MERIT Award Recipient: Benjamin F. Cravatt III, Ph.D.
|Sponsoring NCI Division:||Division of Cancer Treatment and Diagnosis (DCTD)|
|Grant Number:||R37 CA087660-11|
|Award Approved:||June 2009|
|Institution:||The Scripps Research Institute|
|Department:||The Department of Chemical Physiology|
|The Cravatt Lab|
Literature Search in PubMed
Chemical Approaches for Activity-Based Proteomics
Cancer cells display many abnormal properties that support their pathogenic behavior, including: 1) indefinite growth (immortalization), 2) unregulated proliferation (transformation), and 3) invasion and colonization of surrounding (malignancy) and distant (metastasis) tissues. Enzymes such as proteases, through their ability to regulate cellular metabolism, intracellular signal transduction, and cell-host interaction pathways, have long been hypothesized to serve as critical mediators of the pathogenic properties of cancer cells. For example, excessive or unregulated protease activity is proposed to be one of the main factors that permits tumor cells to invade and eventually take over normal tissues. Nonetheless, the identity and precise biochemical functions of enzymes in cancer remain elusive, in large part due to a dearth of technologies that can monitor their functional states and substrate pathways in native biological systems.

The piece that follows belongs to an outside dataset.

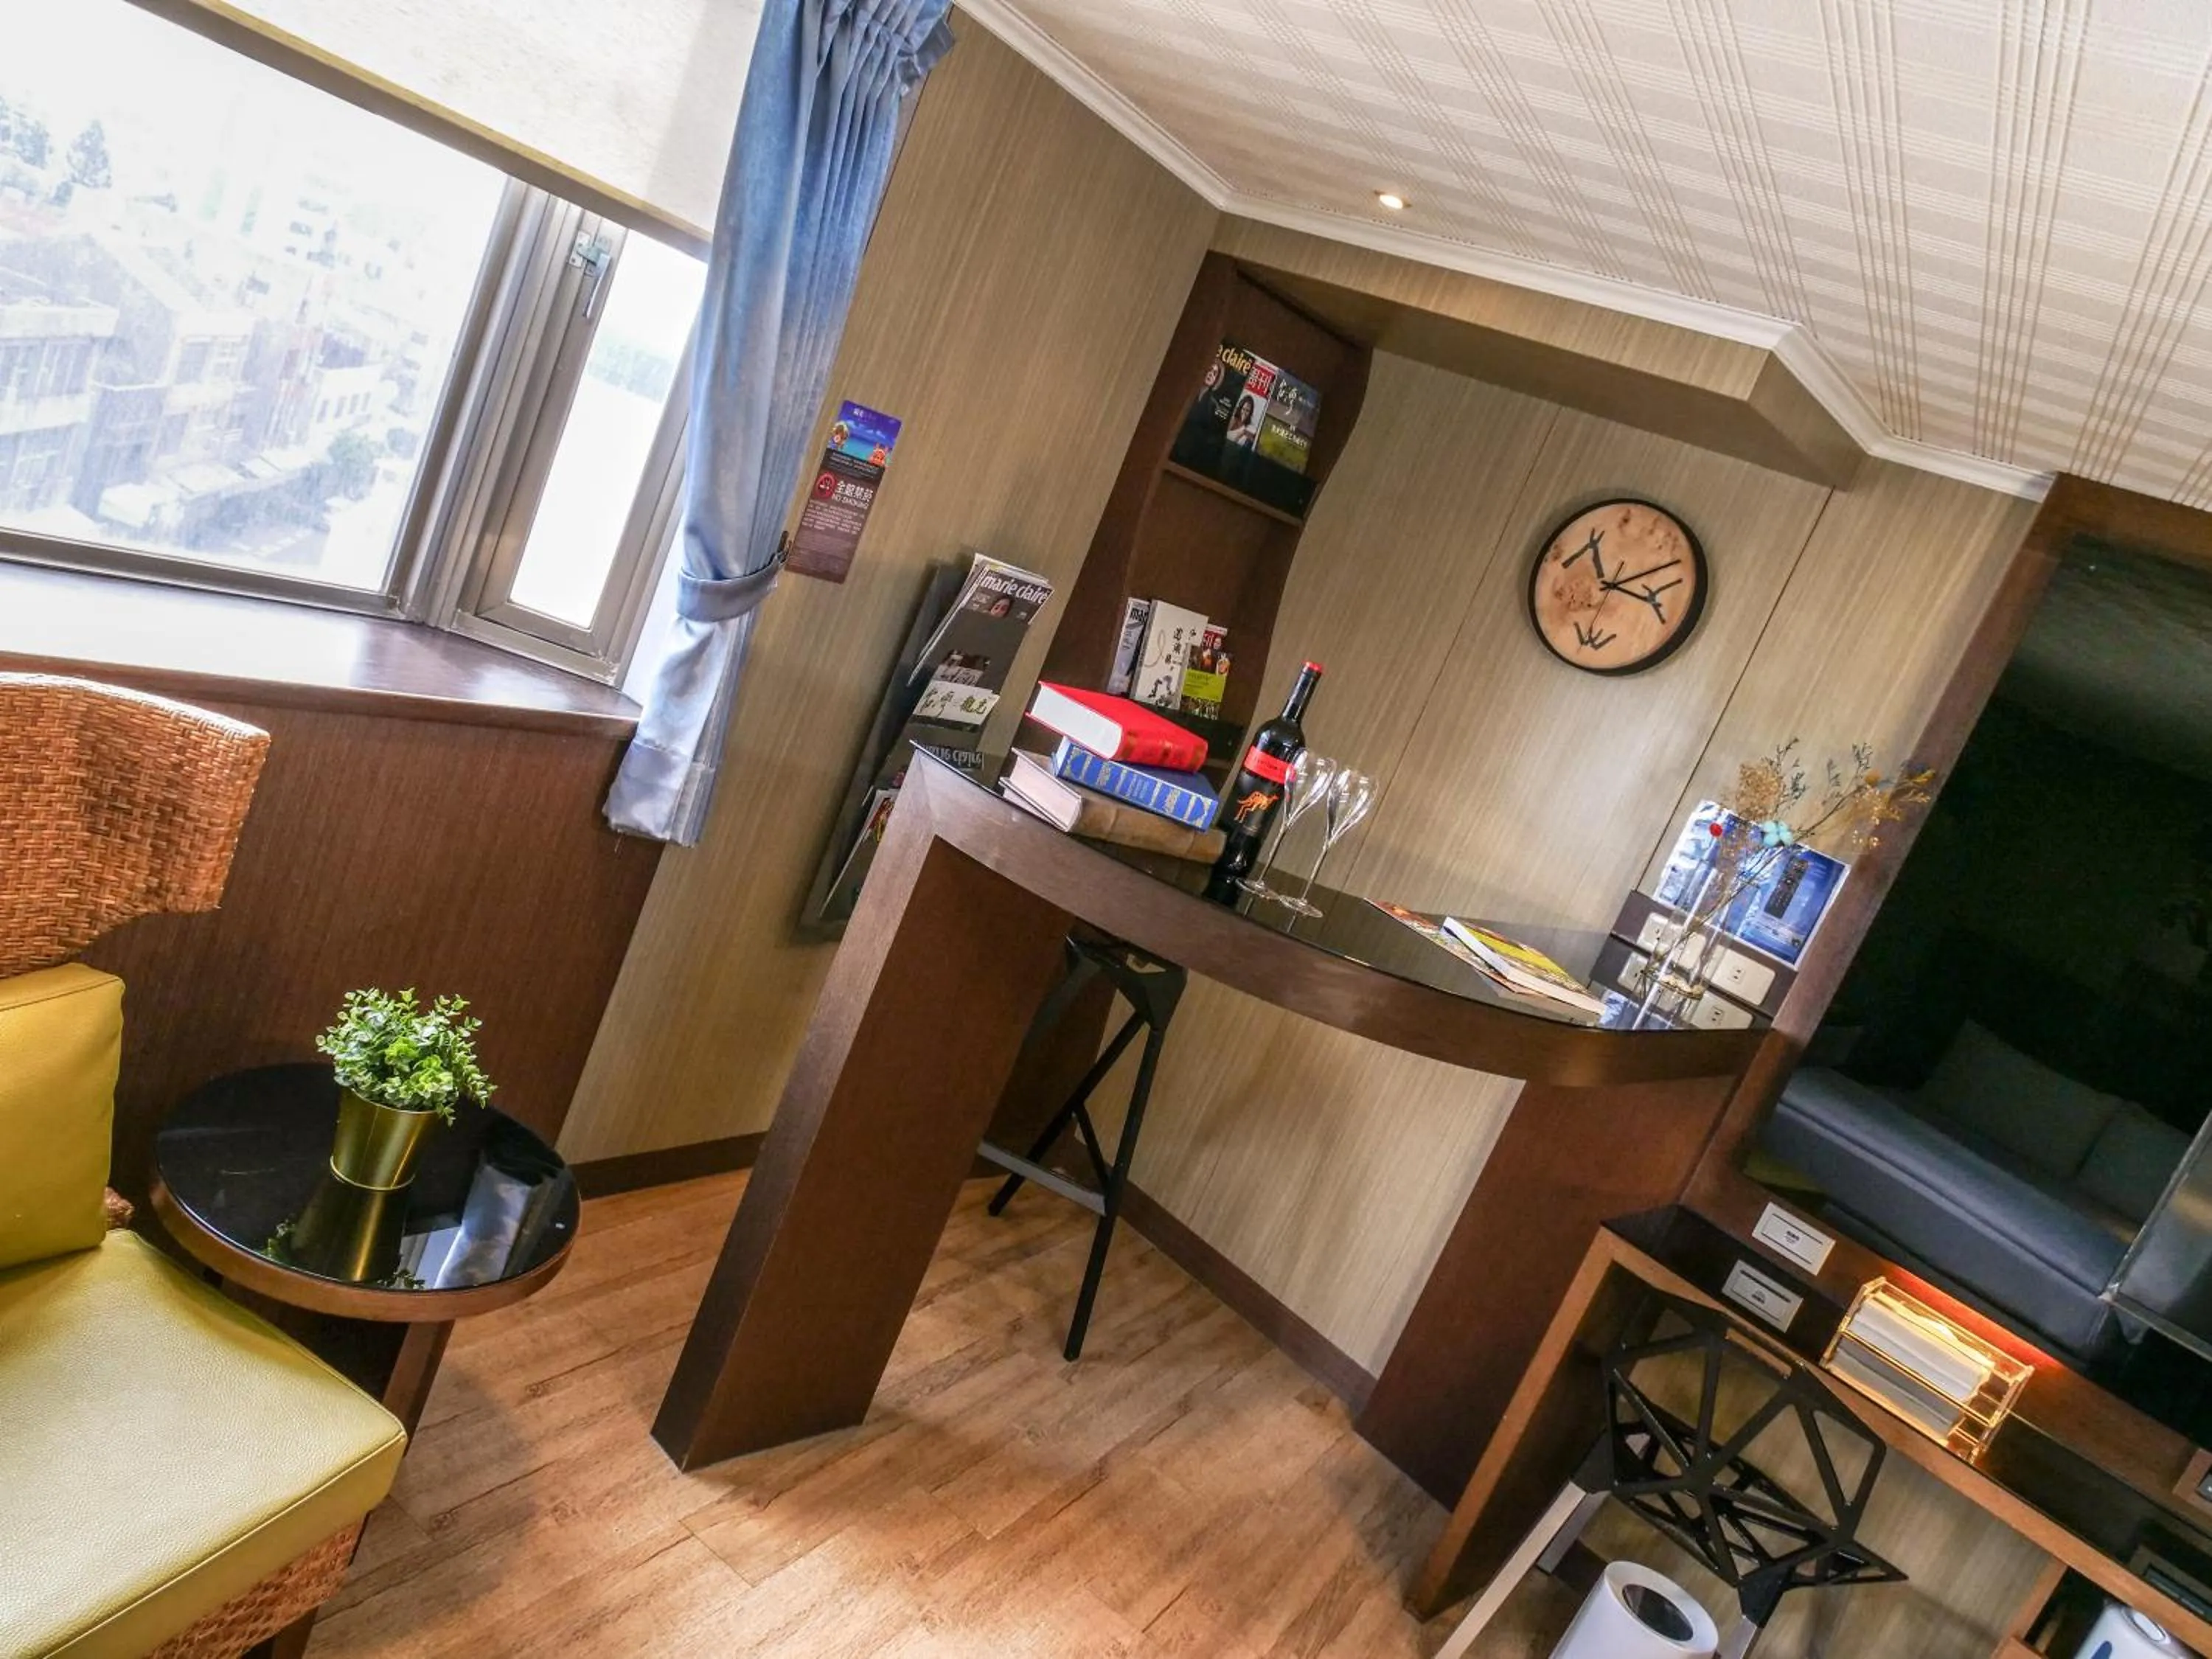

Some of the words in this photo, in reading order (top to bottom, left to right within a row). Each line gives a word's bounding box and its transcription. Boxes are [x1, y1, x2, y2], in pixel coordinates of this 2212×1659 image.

[1222, 347, 1251, 375] claire
[981, 574, 1018, 595] marie
[1015, 584, 1048, 604] claire

To address these problems, we have introduced chemical proteomic strategies to measure changes in enzyme activity directly in native cancer cells. We will apply our suite of functional proteomic technologies to both identify and functionally characterize novel enzyme activities that are dysregulated in malignant cancer cells and tumors. We are particularly interested in a set of dysregulated proteases that we hypothesize contribute to cancer pathogenicity by activating and/or inactivating key cellular signaling pathways. Finally, we will continue to develop advanced proteomic methods toward the goal of creating a general and quantitative technology to map small molecule-protein interactions directly in living cancer cells. We anticipate that these studies will define key enzymatic pathways that support cancer malignancy and contain new biomarkers and therapeutic targets, as well as produce methodological advances that greatly expand the scope and utility of the proteomic technologies for biological discovery.